Estos nuevos bárbaros
están liquidando nuestra cultura en todo lo que tenga de tradición y
dimensión clásica, excepto aquella estrecha ventana que casa con sus
tesis. Por eso las humanidades desaparecen de la enseñanza o quedan
reducidas a caricaturas. Por eso el debate racional no existe en la
universidad, convertida cada vez más en una escuela de formación
profesional avanzada. Por eso en las facultades de económicas solo se
enseña una visión de la economía, la que cuadra a las elites, como si
fuera la única concepción posible. Por eso la universidad se convierte
en una plataforma reglada de difusión de la ideología de género. No son
ilustrados, aunque algunos, los más viejos, como Pinker, lo pretendan,
porque carecen de humanismo, de amor por los clásicos, y censuran todo
debate racional mediante la descalificación de las personas apelando con
habilidad exclusivamente a las emociones.

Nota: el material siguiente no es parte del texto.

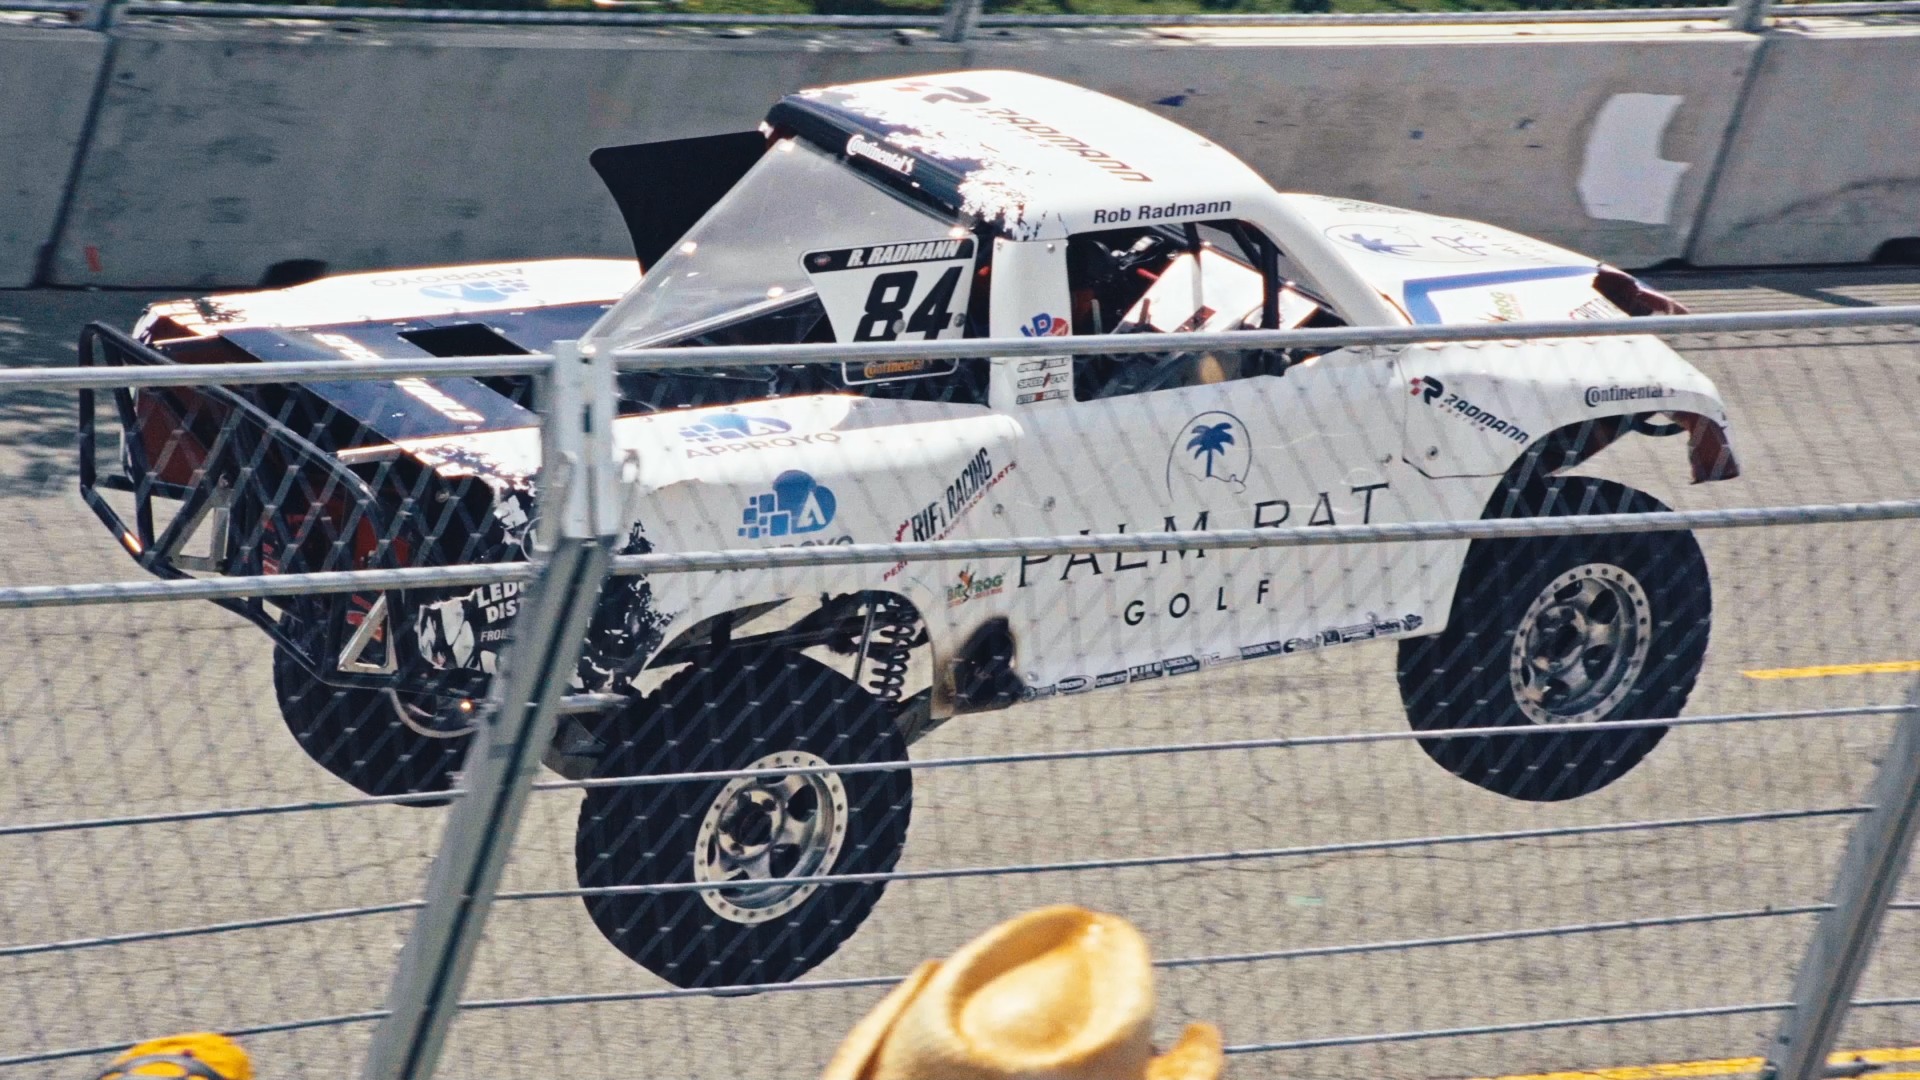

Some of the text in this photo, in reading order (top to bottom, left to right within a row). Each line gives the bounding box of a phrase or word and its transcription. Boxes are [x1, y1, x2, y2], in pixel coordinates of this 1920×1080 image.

[1094, 200, 1232, 224] Rob Radmann
[846, 249, 864, 267] R.
[867, 239, 962, 266] RADMANN
[853, 266, 963, 342] 84
[1584, 383, 1664, 407] Continental
[1444, 393, 1529, 444] RADMANN
[686, 432, 841, 459] APPROYO
[946, 447, 993, 519] RACING
[1124, 579, 1270, 625] GOLF

Una de las últimas víctimas es el del respeto a la justicia.
La sentencia no tiene porque estar excluida del debate racional, pero
su contenido no puede quedar al albur de los gustos de la manifestación
callejera promovida por la parte interesada. Cuando la justicia baja a
la calle, desaparece y se transforma en ajuste de cuentas o venganza.
Esto sucedió con el caso de “La Manada”. Que el delito sea repugnante,
no significa que la justicia para serlo deba castigar más allá de lo que
el tribunal considera hechos probados. Incluso antes de la sentencia
los grupos de presión del feminismo de género se lanzaron a la calle
para presionar a los jueces, que supieron actuar con independencia de
las presiones, y que después, cuando la concesión de la libertad
provisional después de dos años en prisión, el plazo máximo ordinario,
se repitiera el mismo movimiento, para impedir su excarcelación hasta su
ingreso en prisión, convirtiendo así la medida preventiva en sentencia
en firme antes de agotar todo el camino que ofrece la presentación del
recurso ante la instancia superior.
Las instituciones españolas están acabadas, empezando por el gobierno. Si ellas, la sociedad y los medios de comunicación, no son capaces de censurar este tipo de actuaciones
callejeras, en lugar de apoyarlas como ha hecho el débil gobierno
Sánchez, si cada grupo que disiente de la ley o de su aplicación
persigue legitimar su oposición echando mano a la calle, a las
televisiones que se apuntan al espectáculo y las redes sociales, el Estado de derecho quedara finiquitado.
Ahora hay dos grupos en España que imponen esta lógica de manera
continua e imparable, el independentismo catalán y el lobby del
feminismo de género y LGBTI, al que por lo visto no les basta haber
cambiado de manera radical la legislación española, sino que quiere
supeditar toda decisión a sus prejuicios.
Si, son los nuevos bárbaros y el camino es el del desastre.